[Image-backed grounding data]

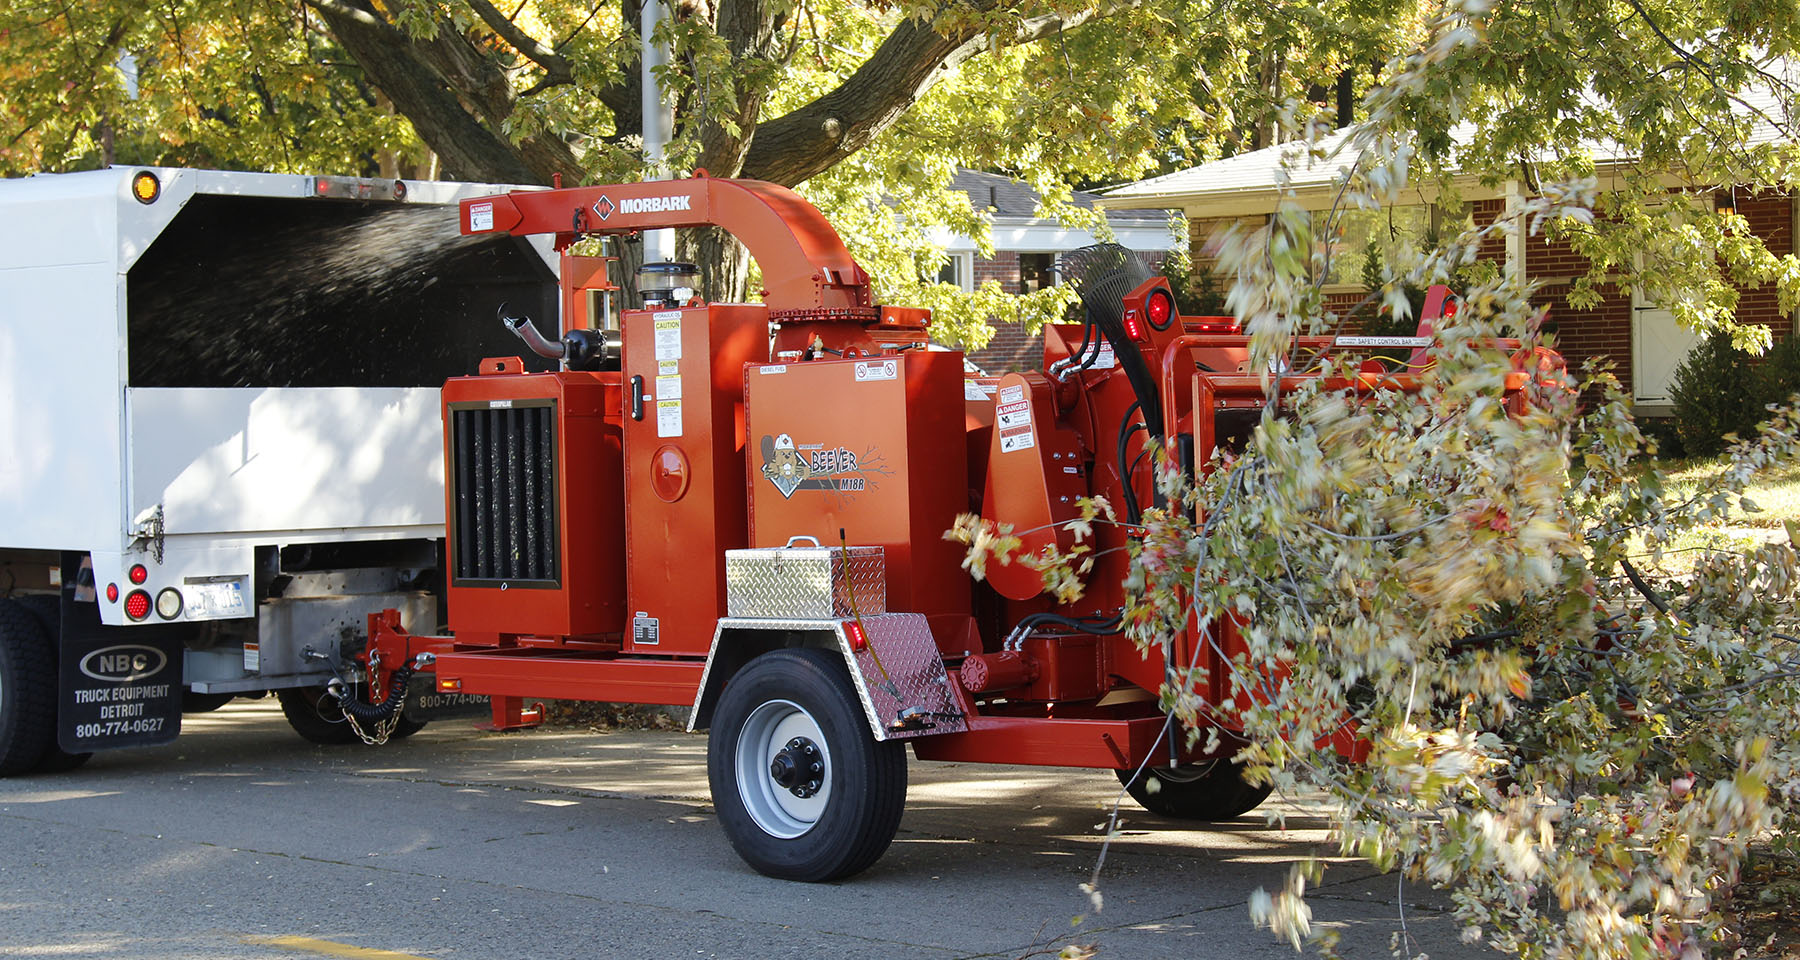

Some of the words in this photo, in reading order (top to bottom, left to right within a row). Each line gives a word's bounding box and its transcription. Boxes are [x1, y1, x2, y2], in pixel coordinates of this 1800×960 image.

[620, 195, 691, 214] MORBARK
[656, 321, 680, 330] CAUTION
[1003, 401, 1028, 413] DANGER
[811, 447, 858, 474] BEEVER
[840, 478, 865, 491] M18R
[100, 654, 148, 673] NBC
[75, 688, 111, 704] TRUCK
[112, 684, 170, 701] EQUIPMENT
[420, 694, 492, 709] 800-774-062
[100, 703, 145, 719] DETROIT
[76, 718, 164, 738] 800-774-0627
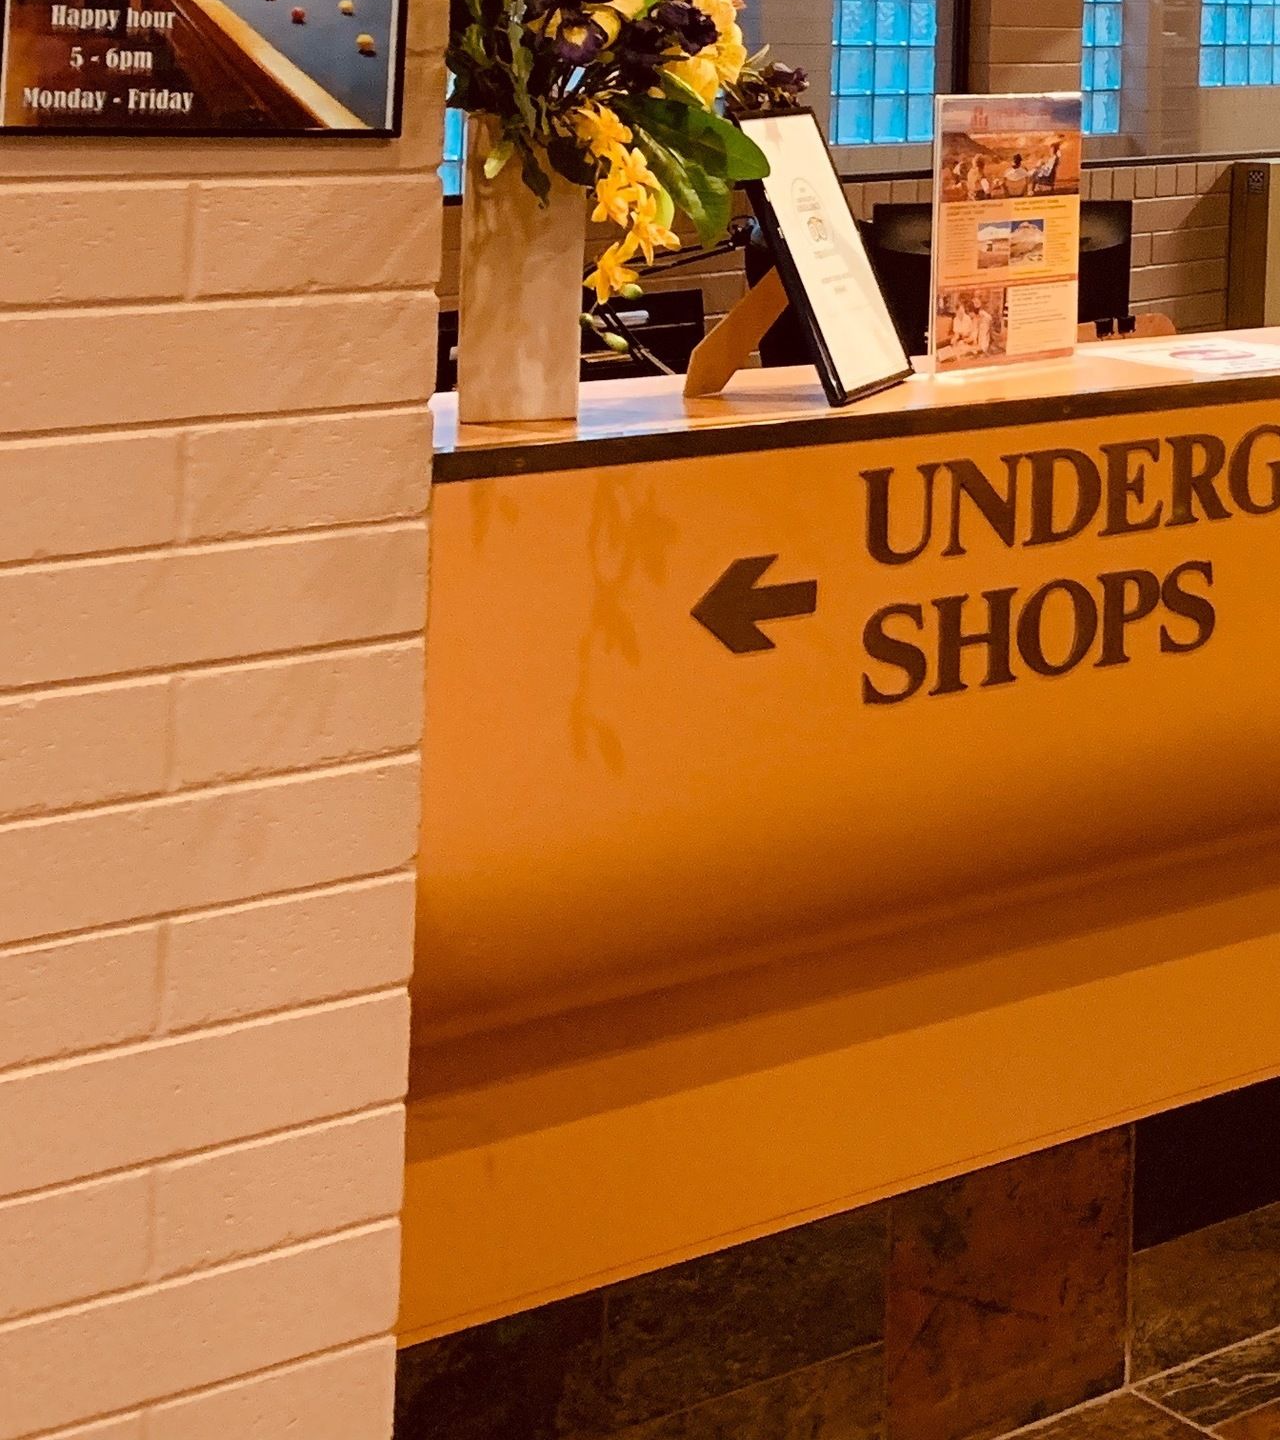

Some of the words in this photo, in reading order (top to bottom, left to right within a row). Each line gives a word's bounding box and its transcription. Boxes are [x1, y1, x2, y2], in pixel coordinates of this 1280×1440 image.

**Task to carry out**
Exactly retype each record above, dropping images.

**Solution**
Some of the words in this photo, in reading order (top to bottom, left to right within a row). Each line gives a word's bounding box and its transcription. Boxes are [x1, y1, x2, y2], in pixel coordinates of this 1800×960 image.

[620, 195, 691, 214] MORBARK
[656, 321, 680, 330] CAUTION
[1003, 401, 1028, 413] DANGER
[811, 447, 858, 474] BEEVER
[840, 478, 865, 491] M18R
[100, 654, 148, 673] NBC
[75, 688, 111, 704] TRUCK
[112, 684, 170, 701] EQUIPMENT
[420, 694, 492, 709] 800-774-062
[100, 703, 145, 719] DETROIT
[76, 718, 164, 738] 800-774-0627

Some of the words in this photo, in reading order (top to bottom, left to right within a row). Each line gives a word's bounding box and its transcription. Boxes are [x1, y1, x2, y2], in pixel coordinates of this 1280×1440 image.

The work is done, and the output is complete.